TASK BRIEF:
Please restate every entry exactly. Leave out the pictures.

EXTRACTED INFORMATION:
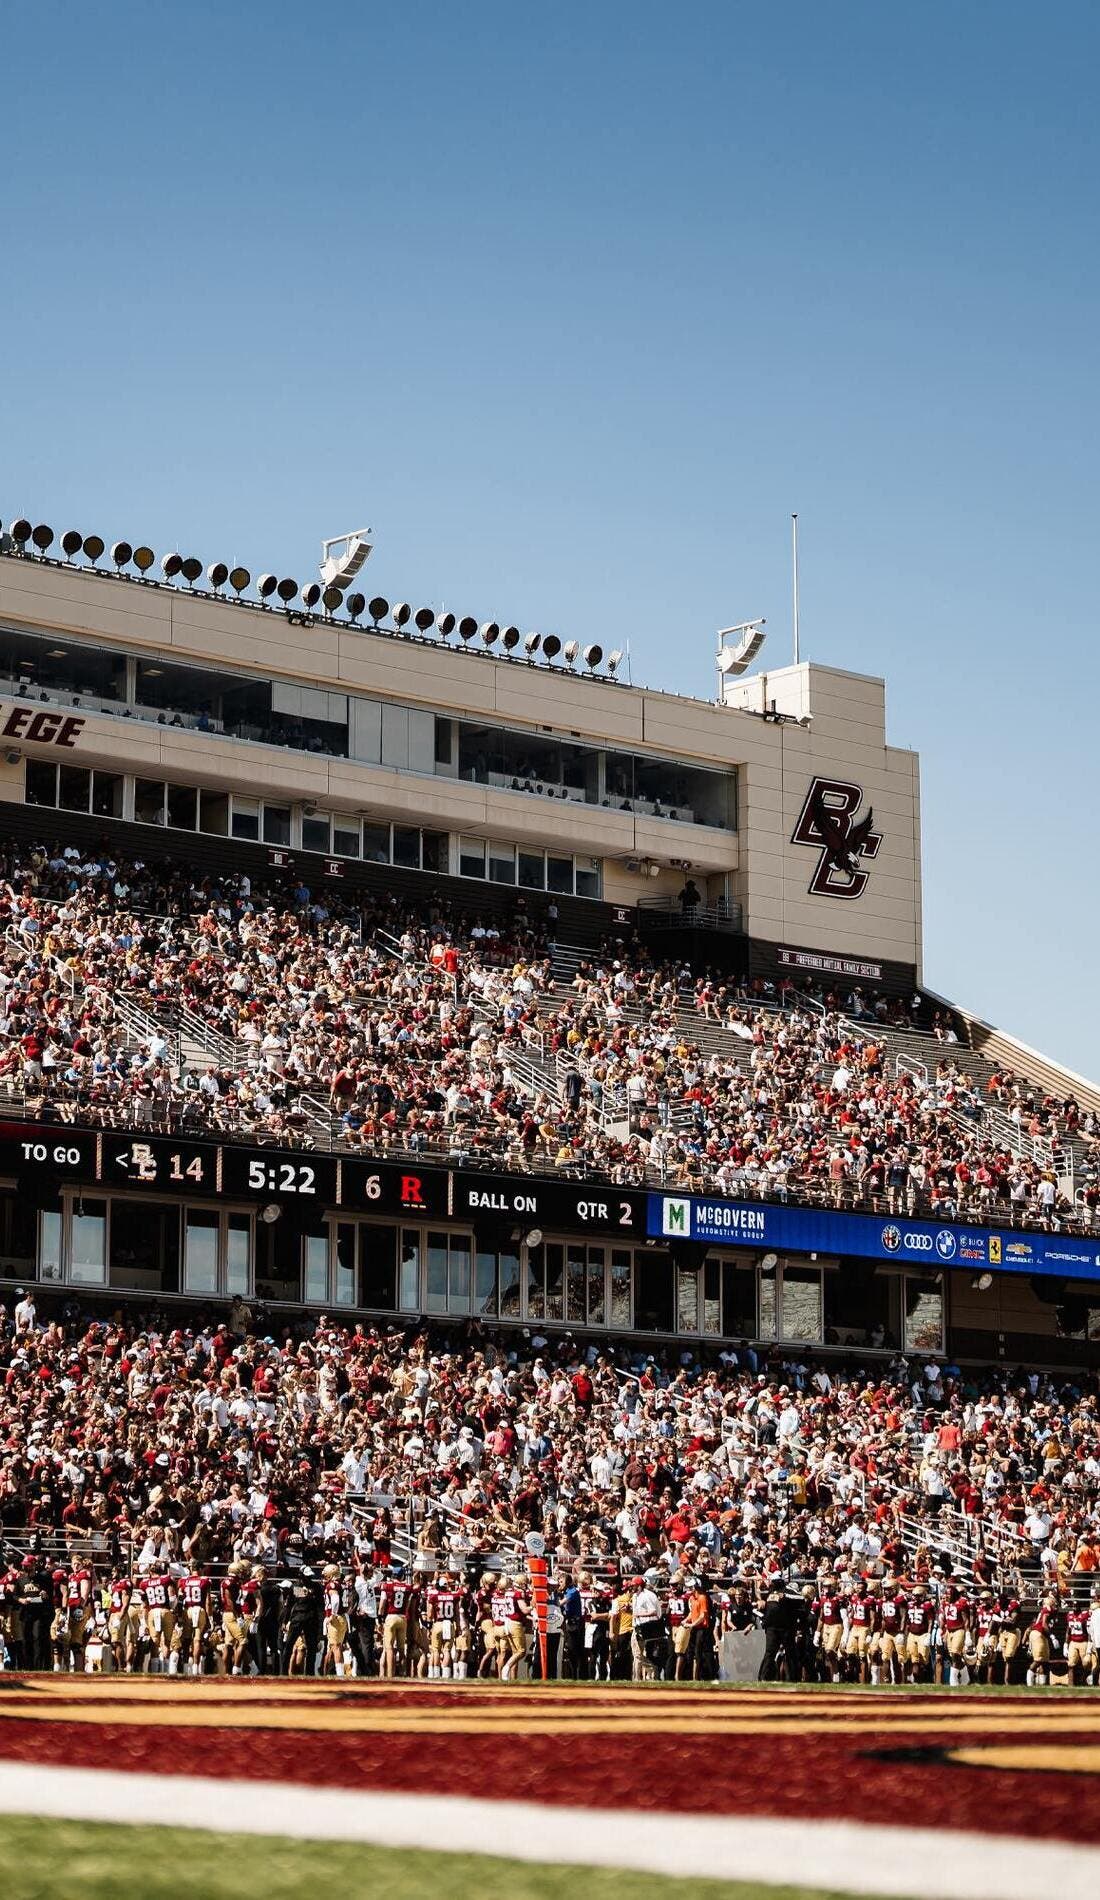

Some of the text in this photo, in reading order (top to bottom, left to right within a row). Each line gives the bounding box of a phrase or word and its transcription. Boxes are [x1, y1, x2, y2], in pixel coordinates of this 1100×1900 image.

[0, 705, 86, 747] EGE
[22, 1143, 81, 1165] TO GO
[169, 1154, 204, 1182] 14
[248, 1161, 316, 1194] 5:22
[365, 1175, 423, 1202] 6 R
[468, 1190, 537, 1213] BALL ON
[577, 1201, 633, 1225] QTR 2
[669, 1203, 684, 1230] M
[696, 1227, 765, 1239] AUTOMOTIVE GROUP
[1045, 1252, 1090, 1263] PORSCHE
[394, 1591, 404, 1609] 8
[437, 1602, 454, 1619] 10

OUTPUT:
Some of the text in this photo, in reading order (top to bottom, left to right within a row). Each line gives the bounding box of a phrase or word and its transcription. Boxes are [x1, y1, x2, y2], in pixel coordinates of this 1100×1900 image.

[0, 705, 86, 747] EGE
[22, 1143, 81, 1165] TO GO
[169, 1154, 204, 1182] 14
[248, 1161, 316, 1194] 5:22
[365, 1175, 423, 1202] 6 R
[468, 1190, 537, 1213] BALL ON
[577, 1201, 633, 1225] QTR 2
[669, 1203, 684, 1230] M
[696, 1227, 765, 1239] AUTOMOTIVE GROUP
[1045, 1252, 1090, 1263] PORSCHE
[394, 1591, 404, 1609] 8
[437, 1602, 454, 1619] 10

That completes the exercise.